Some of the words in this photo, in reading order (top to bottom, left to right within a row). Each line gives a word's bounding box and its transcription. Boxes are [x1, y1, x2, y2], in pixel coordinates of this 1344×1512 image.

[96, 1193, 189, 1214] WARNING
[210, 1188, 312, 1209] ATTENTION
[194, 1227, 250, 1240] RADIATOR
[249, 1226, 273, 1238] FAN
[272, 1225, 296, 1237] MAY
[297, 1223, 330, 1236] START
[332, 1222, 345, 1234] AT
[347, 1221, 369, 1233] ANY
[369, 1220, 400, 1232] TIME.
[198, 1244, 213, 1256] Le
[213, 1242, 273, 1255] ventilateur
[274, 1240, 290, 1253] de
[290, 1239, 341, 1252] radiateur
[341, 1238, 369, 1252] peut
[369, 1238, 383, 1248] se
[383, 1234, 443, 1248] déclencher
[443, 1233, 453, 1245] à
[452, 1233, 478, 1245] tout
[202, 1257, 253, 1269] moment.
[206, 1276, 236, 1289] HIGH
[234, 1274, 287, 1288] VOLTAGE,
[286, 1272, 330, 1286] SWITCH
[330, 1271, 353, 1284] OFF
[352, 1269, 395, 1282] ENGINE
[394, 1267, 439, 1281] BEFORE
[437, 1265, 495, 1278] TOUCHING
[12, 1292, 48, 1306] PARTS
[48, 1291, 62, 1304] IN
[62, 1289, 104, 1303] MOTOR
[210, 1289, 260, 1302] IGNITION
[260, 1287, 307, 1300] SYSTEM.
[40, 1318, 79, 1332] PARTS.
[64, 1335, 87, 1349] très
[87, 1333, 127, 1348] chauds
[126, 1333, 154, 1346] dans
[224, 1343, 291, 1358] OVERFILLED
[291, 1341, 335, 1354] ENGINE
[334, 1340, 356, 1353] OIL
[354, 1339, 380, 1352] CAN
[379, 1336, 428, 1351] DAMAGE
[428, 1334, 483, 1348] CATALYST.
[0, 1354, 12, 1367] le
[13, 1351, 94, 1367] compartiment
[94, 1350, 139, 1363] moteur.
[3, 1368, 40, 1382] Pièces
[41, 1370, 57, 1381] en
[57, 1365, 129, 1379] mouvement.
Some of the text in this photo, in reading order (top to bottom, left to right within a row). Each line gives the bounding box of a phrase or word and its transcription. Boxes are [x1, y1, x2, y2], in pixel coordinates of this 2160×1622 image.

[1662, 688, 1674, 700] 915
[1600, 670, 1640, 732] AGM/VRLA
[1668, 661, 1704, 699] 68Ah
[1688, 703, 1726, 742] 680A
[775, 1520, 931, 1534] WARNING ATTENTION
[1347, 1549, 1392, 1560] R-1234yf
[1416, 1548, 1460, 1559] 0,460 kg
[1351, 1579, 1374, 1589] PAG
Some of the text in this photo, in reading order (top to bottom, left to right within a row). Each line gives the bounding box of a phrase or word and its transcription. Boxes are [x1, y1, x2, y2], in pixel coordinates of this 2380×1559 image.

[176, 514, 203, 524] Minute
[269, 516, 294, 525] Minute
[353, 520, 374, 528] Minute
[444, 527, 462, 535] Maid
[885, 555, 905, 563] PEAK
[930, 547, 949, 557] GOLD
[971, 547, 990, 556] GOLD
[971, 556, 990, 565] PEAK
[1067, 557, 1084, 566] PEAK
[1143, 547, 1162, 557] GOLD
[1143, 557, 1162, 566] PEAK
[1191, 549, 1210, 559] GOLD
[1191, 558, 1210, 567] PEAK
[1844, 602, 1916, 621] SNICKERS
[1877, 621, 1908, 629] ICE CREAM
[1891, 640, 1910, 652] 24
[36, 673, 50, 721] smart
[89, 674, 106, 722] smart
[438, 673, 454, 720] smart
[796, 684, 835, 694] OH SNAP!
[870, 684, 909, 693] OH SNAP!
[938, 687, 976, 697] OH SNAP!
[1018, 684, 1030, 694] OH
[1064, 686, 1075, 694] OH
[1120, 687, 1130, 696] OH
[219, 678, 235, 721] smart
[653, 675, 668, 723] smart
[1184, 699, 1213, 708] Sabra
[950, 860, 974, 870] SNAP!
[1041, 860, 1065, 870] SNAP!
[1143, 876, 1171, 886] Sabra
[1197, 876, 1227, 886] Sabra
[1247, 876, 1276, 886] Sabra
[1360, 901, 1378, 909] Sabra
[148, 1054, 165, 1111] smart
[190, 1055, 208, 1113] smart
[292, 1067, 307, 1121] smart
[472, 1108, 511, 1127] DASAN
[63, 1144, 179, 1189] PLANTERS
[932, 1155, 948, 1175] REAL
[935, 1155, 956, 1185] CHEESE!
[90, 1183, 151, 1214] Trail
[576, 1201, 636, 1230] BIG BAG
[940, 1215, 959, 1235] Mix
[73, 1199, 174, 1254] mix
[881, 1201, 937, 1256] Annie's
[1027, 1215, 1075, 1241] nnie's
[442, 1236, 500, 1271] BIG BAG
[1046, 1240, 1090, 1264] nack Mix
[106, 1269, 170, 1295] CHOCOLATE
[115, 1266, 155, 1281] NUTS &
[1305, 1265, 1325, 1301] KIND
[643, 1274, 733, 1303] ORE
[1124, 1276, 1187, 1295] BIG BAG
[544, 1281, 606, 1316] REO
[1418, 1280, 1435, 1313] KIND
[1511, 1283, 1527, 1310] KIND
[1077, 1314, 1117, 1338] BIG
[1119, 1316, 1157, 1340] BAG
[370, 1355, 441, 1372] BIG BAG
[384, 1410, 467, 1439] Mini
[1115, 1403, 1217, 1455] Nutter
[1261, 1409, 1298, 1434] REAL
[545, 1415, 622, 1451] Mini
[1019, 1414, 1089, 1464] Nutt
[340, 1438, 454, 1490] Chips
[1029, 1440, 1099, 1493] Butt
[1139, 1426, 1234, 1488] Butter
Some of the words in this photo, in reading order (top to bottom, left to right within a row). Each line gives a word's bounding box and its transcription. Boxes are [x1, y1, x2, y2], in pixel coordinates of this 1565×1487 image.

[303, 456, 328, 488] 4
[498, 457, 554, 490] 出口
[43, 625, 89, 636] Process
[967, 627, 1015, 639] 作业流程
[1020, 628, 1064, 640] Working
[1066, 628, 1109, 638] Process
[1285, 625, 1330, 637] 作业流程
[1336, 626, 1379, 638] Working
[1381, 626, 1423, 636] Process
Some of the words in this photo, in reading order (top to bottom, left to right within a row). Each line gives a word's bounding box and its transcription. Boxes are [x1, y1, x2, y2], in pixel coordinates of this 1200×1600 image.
---
** EXERCISE GOAL **
Copy out all of the material, word for word.

** TASK RESULT **
Some of the words in this photo, in reading order (top to bottom, left to right within a row). Each line gives a word's bounding box and its transcription. Boxes are [x1, y1, x2, y2], in pixel coordinates of this 1344×1512 image.

[96, 1193, 189, 1214] WARNING
[210, 1188, 312, 1209] ATTENTION
[194, 1227, 250, 1240] RADIATOR
[249, 1226, 273, 1238] FAN
[272, 1225, 296, 1237] MAY
[297, 1223, 330, 1236] START
[332, 1222, 345, 1234] AT
[347, 1221, 369, 1233] ANY
[369, 1220, 400, 1232] TIME.
[198, 1244, 213, 1256] Le
[213, 1242, 273, 1255] ventilateur
[274, 1240, 290, 1253] de
[290, 1239, 341, 1252] radiateur
[341, 1238, 369, 1252] peut
[369, 1238, 383, 1248] se
[383, 1234, 443, 1248] déclencher
[443, 1233, 453, 1245] à
[452, 1233, 478, 1245] tout
[202, 1257, 253, 1269] moment.
[206, 1276, 236, 1289] HIGH
[234, 1274, 287, 1288] VOLTAGE,
[286, 1272, 330, 1286] SWITCH
[330, 1271, 353, 1284] OFF
[352, 1269, 395, 1282] ENGINE
[394, 1267, 439, 1281] BEFORE
[437, 1265, 495, 1278] TOUCHING
[12, 1292, 48, 1306] PARTS
[48, 1291, 62, 1304] IN
[62, 1289, 104, 1303] MOTOR
[210, 1289, 260, 1302] IGNITION
[260, 1287, 307, 1300] SYSTEM.
[40, 1318, 79, 1332] PARTS.
[64, 1335, 87, 1349] très
[87, 1333, 127, 1348] chauds
[126, 1333, 154, 1346] dans
[224, 1343, 291, 1358] OVERFILLED
[291, 1341, 335, 1354] ENGINE
[334, 1340, 356, 1353] OIL
[354, 1339, 380, 1352] CAN
[379, 1336, 428, 1351] DAMAGE
[428, 1334, 483, 1348] CATALYST.
[0, 1354, 12, 1367] le
[13, 1351, 94, 1367] compartiment
[94, 1350, 139, 1363] moteur.
[3, 1368, 40, 1382] Pièces
[41, 1370, 57, 1381] en
[57, 1365, 129, 1379] mouvement.
Some of the text in this photo, in reading order (top to bottom, left to right within a row). Each line gives the bounding box of a phrase or word and its transcription. Boxes are [x1, y1, x2, y2], in pixel coordinates of this 2160×1622 image.

[1662, 688, 1674, 700] 915
[1600, 670, 1640, 732] AGM/VRLA
[1668, 661, 1704, 699] 68Ah
[1688, 703, 1726, 742] 680A
[775, 1520, 931, 1534] WARNING ATTENTION
[1347, 1549, 1392, 1560] R-1234yf
[1416, 1548, 1460, 1559] 0,460 kg
[1351, 1579, 1374, 1589] PAG
Some of the text in this photo, in reading order (top to bottom, left to right within a row). Each line gives the bounding box of a phrase or word and its transcription. Boxes are [x1, y1, x2, y2], in pixel coordinates of this 2380×1559 image.

[176, 514, 203, 524] Minute
[269, 516, 294, 525] Minute
[353, 520, 374, 528] Minute
[444, 527, 462, 535] Maid
[885, 555, 905, 563] PEAK
[930, 547, 949, 557] GOLD
[971, 547, 990, 556] GOLD
[971, 556, 990, 565] PEAK
[1067, 557, 1084, 566] PEAK
[1143, 547, 1162, 557] GOLD
[1143, 557, 1162, 566] PEAK
[1191, 549, 1210, 559] GOLD
[1191, 558, 1210, 567] PEAK
[1844, 602, 1916, 621] SNICKERS
[1877, 621, 1908, 629] ICE CREAM
[1891, 640, 1910, 652] 24
[36, 673, 50, 721] smart
[89, 674, 106, 722] smart
[438, 673, 454, 720] smart
[796, 684, 835, 694] OH SNAP!
[870, 684, 909, 693] OH SNAP!
[938, 687, 976, 697] OH SNAP!
[1018, 684, 1030, 694] OH
[1064, 686, 1075, 694] OH
[1120, 687, 1130, 696] OH
[219, 678, 235, 721] smart
[653, 675, 668, 723] smart
[1184, 699, 1213, 708] Sabra
[950, 860, 974, 870] SNAP!
[1041, 860, 1065, 870] SNAP!
[1143, 876, 1171, 886] Sabra
[1197, 876, 1227, 886] Sabra
[1247, 876, 1276, 886] Sabra
[1360, 901, 1378, 909] Sabra
[148, 1054, 165, 1111] smart
[190, 1055, 208, 1113] smart
[292, 1067, 307, 1121] smart
[472, 1108, 511, 1127] DASAN
[63, 1144, 179, 1189] PLANTERS
[932, 1155, 948, 1175] REAL
[935, 1155, 956, 1185] CHEESE!
[90, 1183, 151, 1214] Trail
[576, 1201, 636, 1230] BIG BAG
[940, 1215, 959, 1235] Mix
[73, 1199, 174, 1254] mix
[881, 1201, 937, 1256] Annie's
[1027, 1215, 1075, 1241] nnie's
[442, 1236, 500, 1271] BIG BAG
[1046, 1240, 1090, 1264] nack Mix
[106, 1269, 170, 1295] CHOCOLATE
[115, 1266, 155, 1281] NUTS &
[1305, 1265, 1325, 1301] KIND
[643, 1274, 733, 1303] ORE
[1124, 1276, 1187, 1295] BIG BAG
[544, 1281, 606, 1316] REO
[1418, 1280, 1435, 1313] KIND
[1511, 1283, 1527, 1310] KIND
[1077, 1314, 1117, 1338] BIG
[1119, 1316, 1157, 1340] BAG
[370, 1355, 441, 1372] BIG BAG
[384, 1410, 467, 1439] Mini
[1115, 1403, 1217, 1455] Nutter
[1261, 1409, 1298, 1434] REAL
[545, 1415, 622, 1451] Mini
[1019, 1414, 1089, 1464] Nutt
[340, 1438, 454, 1490] Chips
[1029, 1440, 1099, 1493] Butt
[1139, 1426, 1234, 1488] Butter
Some of the words in this photo, in reading order (top to bottom, left to right within a row). Each line gives a word's bounding box and its transcription. Boxes are [x1, y1, x2, y2], in pixel coordinates of this 1565×1487 image.

[303, 456, 328, 488] 4
[498, 457, 554, 490] 出口
[43, 625, 89, 636] Process
[967, 627, 1015, 639] 作业流程
[1020, 628, 1064, 640] Working
[1066, 628, 1109, 638] Process
[1285, 625, 1330, 637] 作业流程
[1336, 626, 1379, 638] Working
[1381, 626, 1423, 636] Process
Some of the words in this photo, in reading order (top to bottom, left to right within a row). Each line gives a word's bounding box and its transcription. Boxes are [x1, y1, x2, y2], in pixel coordinates of this 1200×1600 image.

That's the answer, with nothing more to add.